Shego sighed, and eyed the redhead.
"Princess, I really don't know what to tell you. But I can tell you one thing I learned the hard way."
"What's that," she asked.
Shego turned, and looked into her green eyes with an earnest expression.
"Be true to yourself. No matter what else, if you don't follow your own heart, you'll only end up hurting yourself in the end. Trust me on that one."
"Is that….what you were doing? I mean when you left Hego...?"
"No. I was running away. In the end, walking away from Drew, and the biz? That was me being honest with myself. Because in the end, I really didn't want anything to do with either side of that life. Now, you? You have to decide what you want to do. Because like me, you are someone that they literally cannot force to bend. Not any longer. And that's going to piss off a lot of people with brass on their shoulders. I can tell you that."

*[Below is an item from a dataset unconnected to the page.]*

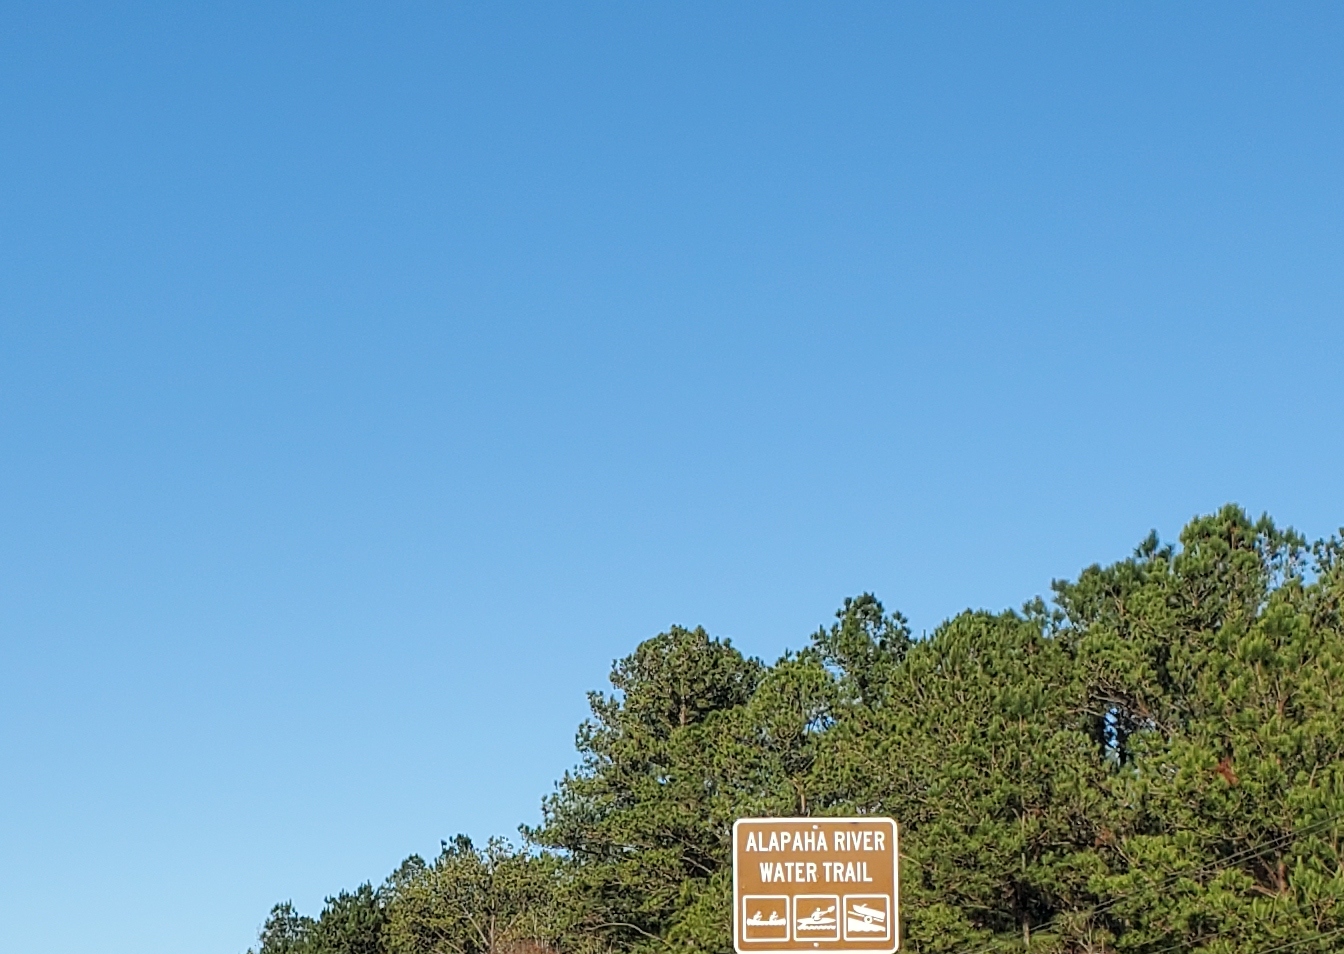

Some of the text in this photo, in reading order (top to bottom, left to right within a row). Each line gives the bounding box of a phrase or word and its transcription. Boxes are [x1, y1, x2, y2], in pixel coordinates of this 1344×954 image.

[745, 830, 885, 852] ALAPAHA RIVER
[759, 861, 873, 883] WATER TRAIL

"Yeah," Kim murmured. "Kal said he still gets that, too. And he's a hero."
"So are you, Kimmie," Shego told her.
Kim didn't say anything to that.
"I guess I should go. I didn't realize how late it was when I…found you," she said, noting the stylish clock on a nearby table only then.

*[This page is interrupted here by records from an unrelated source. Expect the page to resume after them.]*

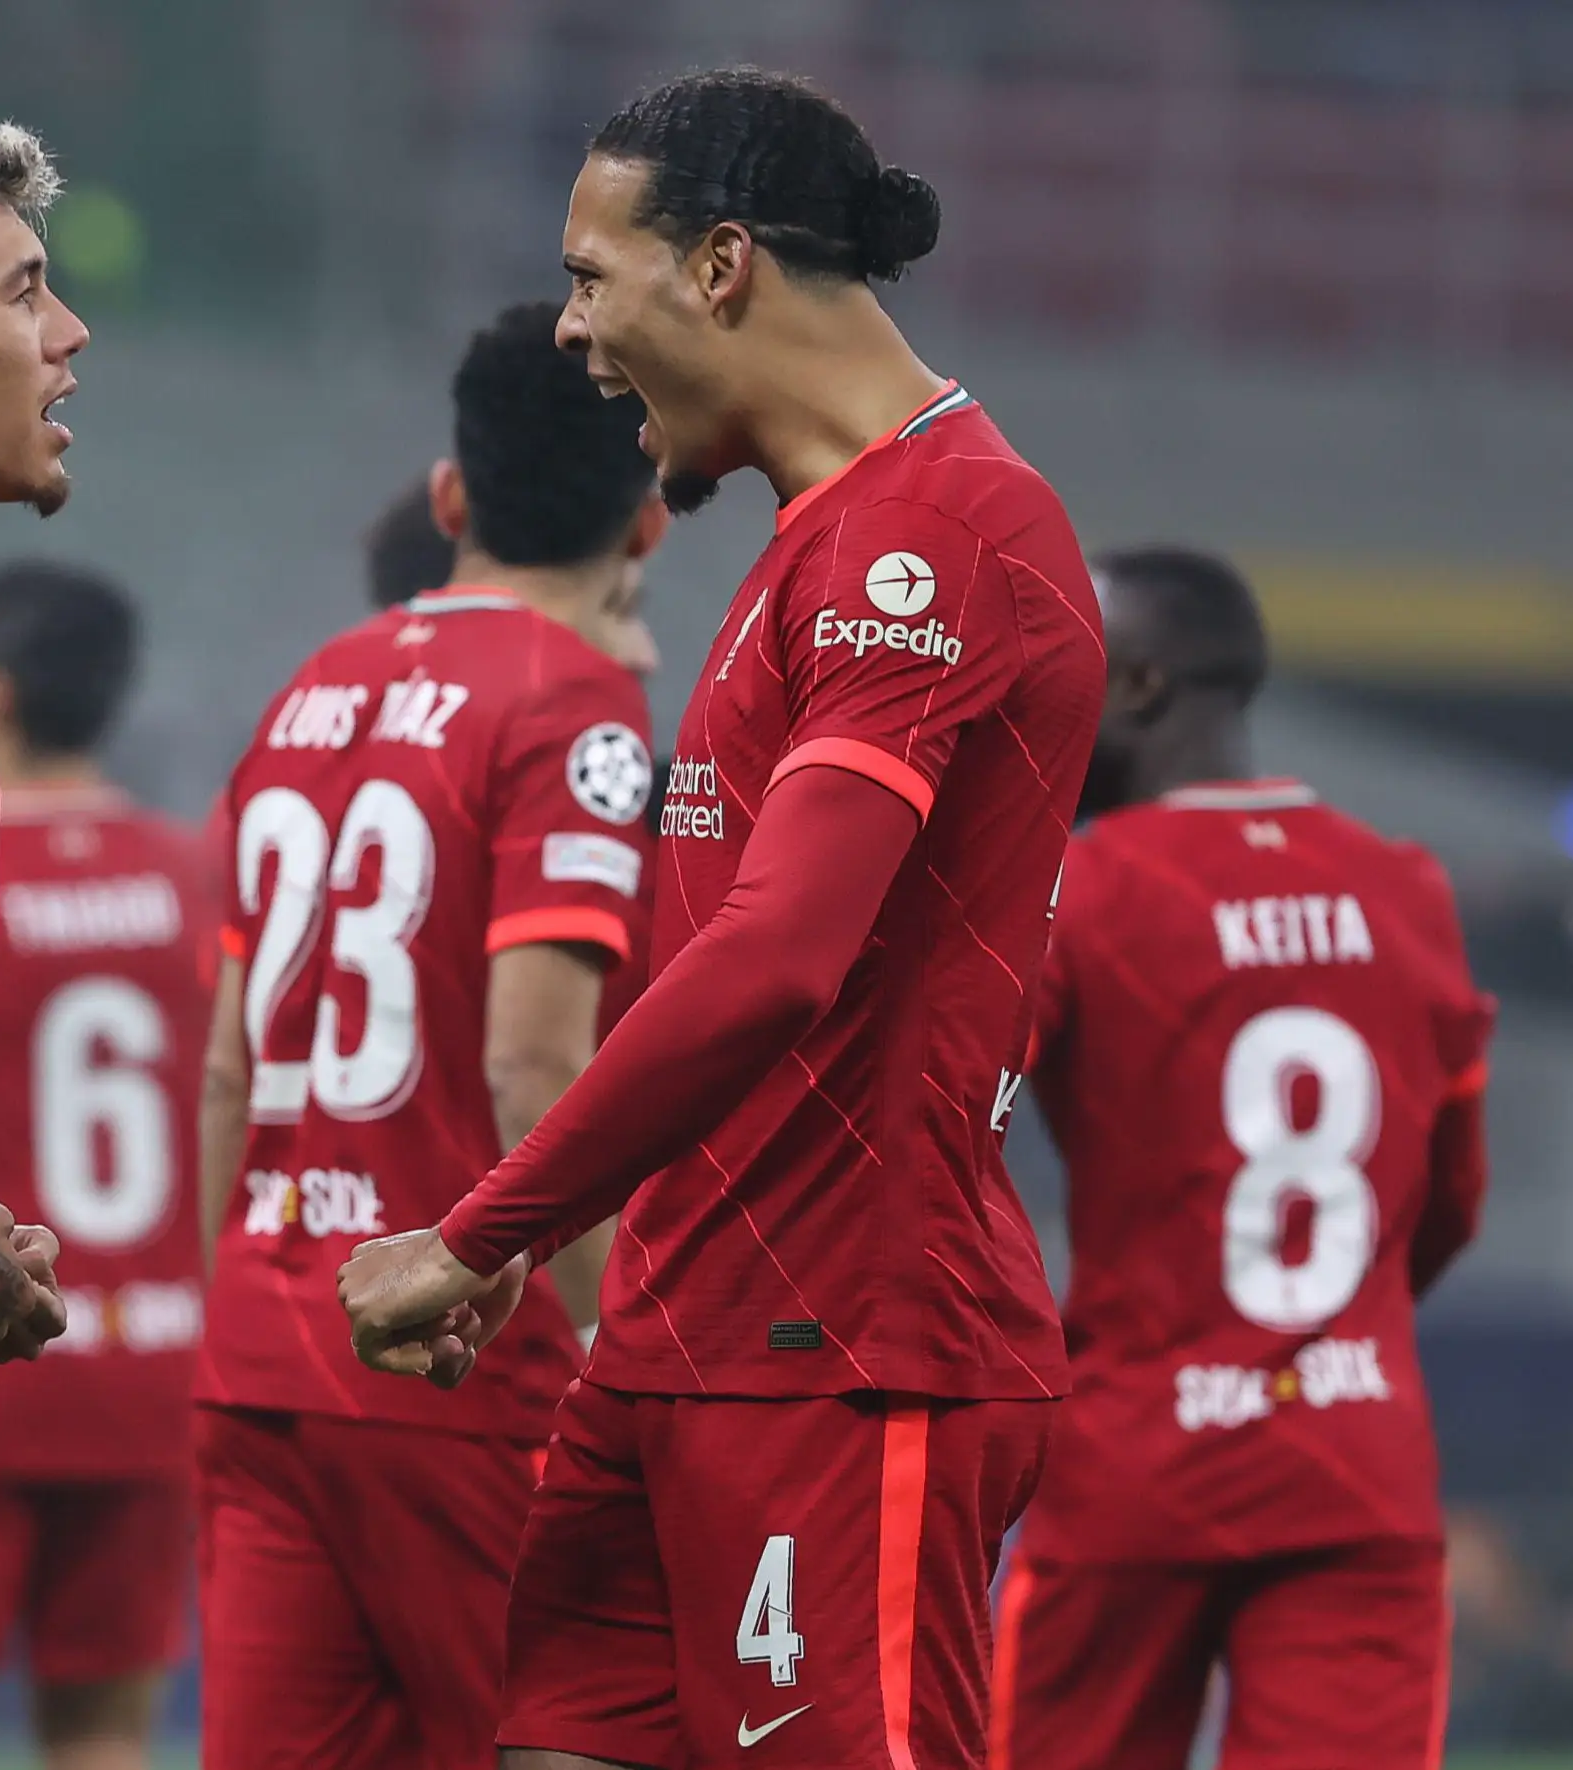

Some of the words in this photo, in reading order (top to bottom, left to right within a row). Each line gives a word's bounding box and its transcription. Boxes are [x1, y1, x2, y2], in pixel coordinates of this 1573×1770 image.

[814, 608, 963, 666] Expedia
[660, 796, 725, 840] chtered
[666, 754, 717, 797] stdrd
[237, 779, 436, 1124] 23
[1211, 893, 1376, 970] KEITA
[33, 976, 174, 1250] 6
[1222, 1006, 1381, 1333] 8
[736, 1535, 803, 1686] 4

"You could stay, if you need to rest," Shego told her. "I've got plenty of room."
Kim stared hard at her, then nodded.
"I wouldn't mind, if you don't."
"C'mon. I'll show you the guest room."
"Shego. Thanks," Kim said, standing up to follow her after scooping up her backpack again.
"Hey, I do still owe you a few."
"No. You're a friend. You don't owe me anything," Kim told her.
"So. You flew into space? Is Ronald jealous yet?"
"He…..doesn't know," she admitted.
"Any of it?"
Kim shook her head.
"Don't you trust him?"
"I….. I'm not sure. I'm not sure how I want any of this to come out. If at all."
"He's still your friend, Kimmie," Shego told her. "And that's all I'm saying."
Kim said nothing to that as Shego left her in the door to a guest room after pointing out the usual amenities.
"My friend," Kim murmured, and walked over to the window, and looked up at the sky.